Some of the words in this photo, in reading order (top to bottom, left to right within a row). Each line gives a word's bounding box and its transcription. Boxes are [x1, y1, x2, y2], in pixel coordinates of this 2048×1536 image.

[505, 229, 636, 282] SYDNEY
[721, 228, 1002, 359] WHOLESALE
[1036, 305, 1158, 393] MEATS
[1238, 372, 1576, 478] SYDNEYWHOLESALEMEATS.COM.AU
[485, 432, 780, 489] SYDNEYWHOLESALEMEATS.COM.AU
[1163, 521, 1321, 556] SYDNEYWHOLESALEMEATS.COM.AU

---

Exercise objective: All of the data above is to be transcribed without alteration.

Reply to the task:
Some of the words in this photo, in reading order (top to bottom, left to right within a row). Each line gives a word's bounding box and its transcription. Boxes are [x1, y1, x2, y2], in pixel coordinates of this 2048×1536 image.

[505, 229, 636, 282] SYDNEY
[721, 228, 1002, 359] WHOLESALE
[1036, 305, 1158, 393] MEATS
[1238, 372, 1576, 478] SYDNEYWHOLESALEMEATS.COM.AU
[485, 432, 780, 489] SYDNEYWHOLESALEMEATS.COM.AU
[1163, 521, 1321, 556] SYDNEYWHOLESALEMEATS.COM.AU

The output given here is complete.